The USPSTF takes this concern for potential harms a step further and emphasizes the possibility of “overtreatment” when HPV testing is used as part of a cervical cancer screening strategy: “Positive screening results are more common with strategies that include HPV testing than with strategies that use cytology alone. Therefore, the likelihood of prolonged surveillance and overtreatment may increase with strategies that incorporate HPV testing.”1

However, the ACS/ASCCP/ASCP noted that screening models indicate that co-testing of women 30 years and older at 5-year intervals results in fewer colposcopies (thereby reducing harms) and carries “a similar or slightly lower cancer risk, compared with cytology alone performed at 3-year intervals.” That is because 5-year intervals reduce the number of screens in a woman’s lifetime, thereby detecting fewer transient HPV infections and low-grade cellular changes not destined to become cancer.

Reducing the number of colposcopies

The guidelines aim to reduce the number of women referred to colposcopy for cytologic abnormalities or HPV-positive results. In formulating the ACS/ASCCP/ASCP guidelines, the panel calculated the number of colposcopies associated with different screening intervals, noting that “screening every 3 years is associated with a lifetime prediction of about 760 colposcopies per 1,000 women, screening every 2 years with about 1,080 colposcopies per 1,000 women (a 40% increase vs screening every 3 years), and screening every year with about 2,000 per 1,000 women.”2 However, the yield of high-grade CIN and cervical cancer identified during screening does not vary significantly between these intervals.

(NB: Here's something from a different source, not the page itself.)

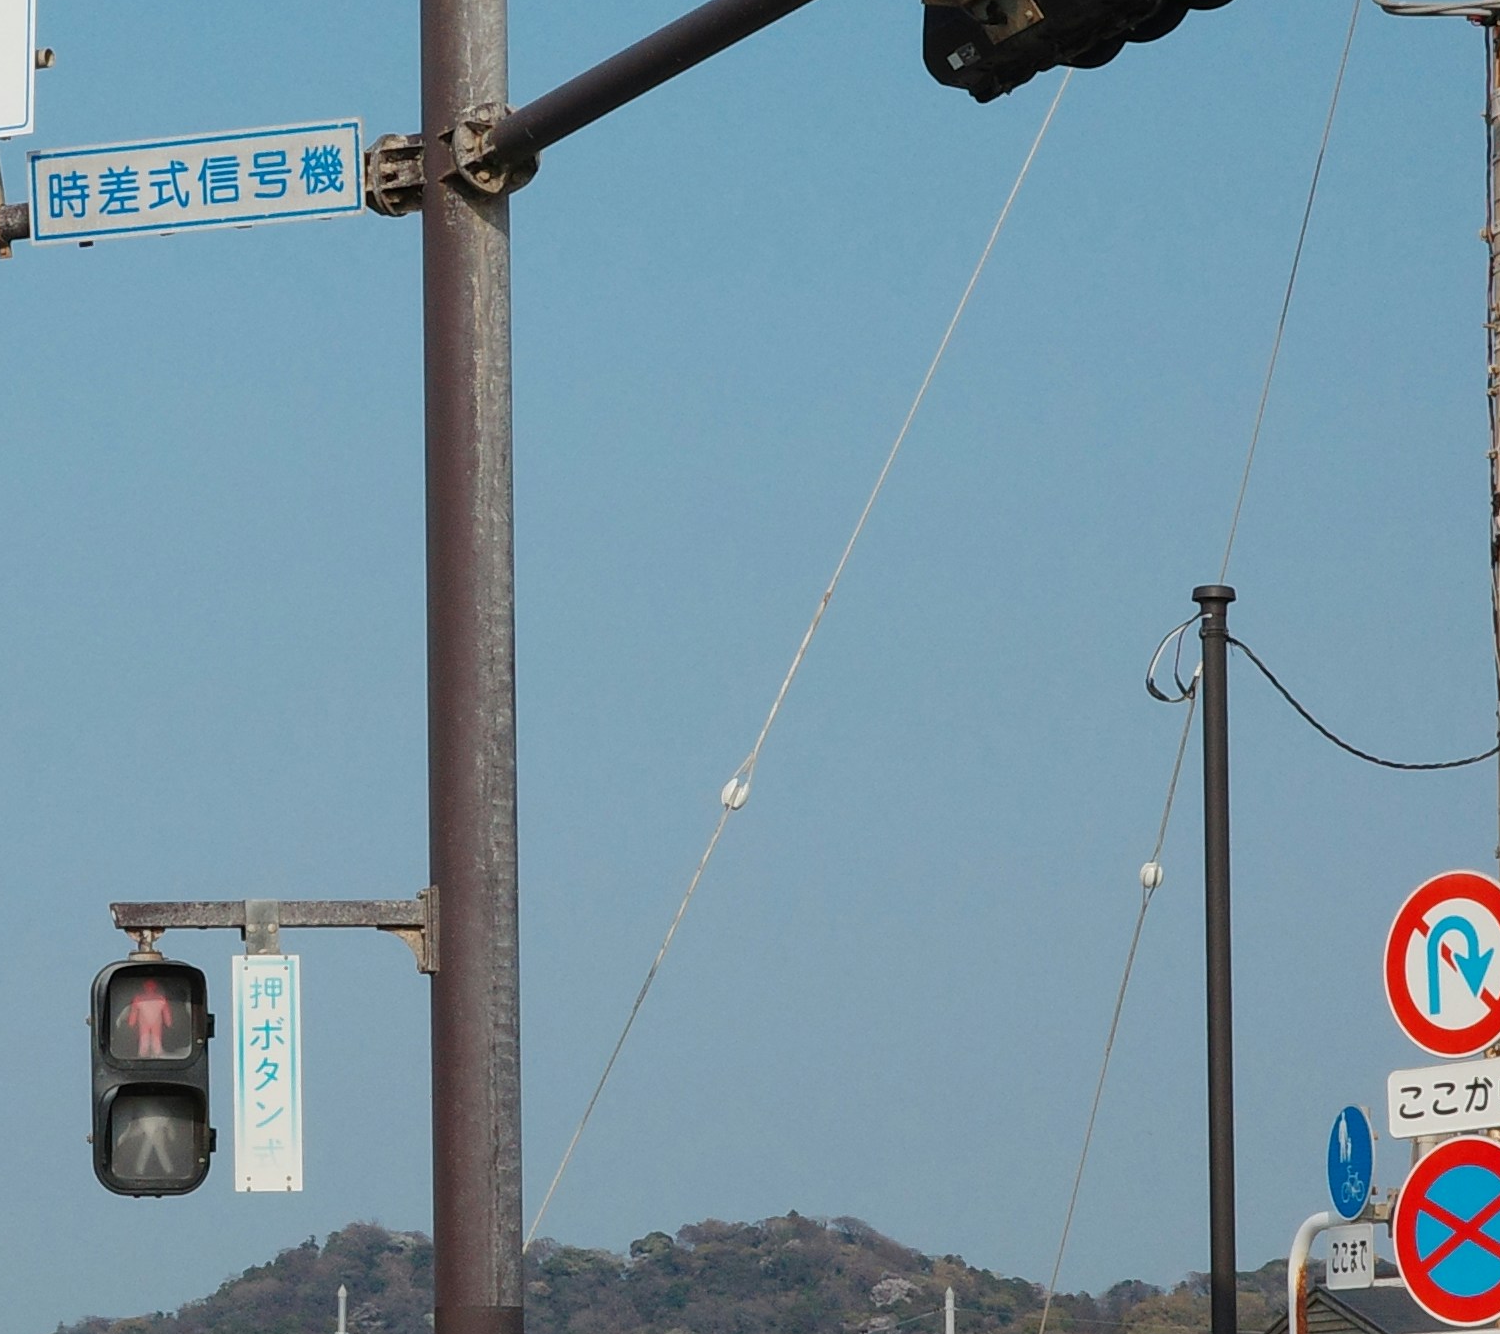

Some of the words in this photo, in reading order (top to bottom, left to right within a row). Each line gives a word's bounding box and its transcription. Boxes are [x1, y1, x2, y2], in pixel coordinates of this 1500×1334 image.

[48, 144, 345, 219] 時差式信号機
[1331, 1239, 1369, 1274] ここまで

“The lifetime risk of cervical cancer in the United States in the absence of screening is projected to be approximately 31 to 33 cases in every 1,000 women,” says Tom Cox, MD, past president of ASCCP. Dr. Cox is an OBG Management contributing editor. “Screening with cytology alone every 3 years reduces this risk to 5 to 8 incident cancers per 1,000 women, and the risk drops slightly with screening every 2 years to 4 to 6 cases per 1,000 women. Annual screening further reduces this risk to about 3 cases per 1,000 women. The predicted lifetime risk of death due to cervical cancer associated with screening with cytology every 3 years, every 2 years, and annually is even lower: 0.05, 0.05, and 0.03 death per 1,000 women, respectively.”

“So there is a small reduction in the lifetime risk of cervical cancer with more frequent cytology screening,” Dr. Cox notes, “but the harms of more frequent screening were determined by both the USPSTF and the ACS/ASCCP/ASCP to far outweigh the benefit. Co-testing at 5-year intervals provides similar, or even lower, cancer risk than cytology at 3-year intervals, justifying the choice of a longer screening interval when co-testing is negative.”

Rethinking the annual exam

Many women schedule an appointment with their gynecologist each year for the express purpose of undergoing a Pap test. Now that the shortest recommended screening interval for cervical cancer is 3 years, will the annual gynecologic exam go the way of the dinosaurs?

“Absolutely,” says Neal M. Lonky, MD, MPH, clinical professor of obstetrics and gynecology at the University of California– Irvine and a member of the board of directors of Southern California Permanente Medical Group. Dr. Lonky is an OBG Management contributing editor.

“If there is no preventive health activity tied to an annual visit, I think insurers will support fewer visits, requiring less reimbursement for services, especially in HMO and PPO models. I envision more ‘virtual’ care—that is, visits that do not involve an examination, for purposes such as the dispensing of birth control pills. But I am hopeful that more education about the benefit of regular visits for other preventive measures would be possible.”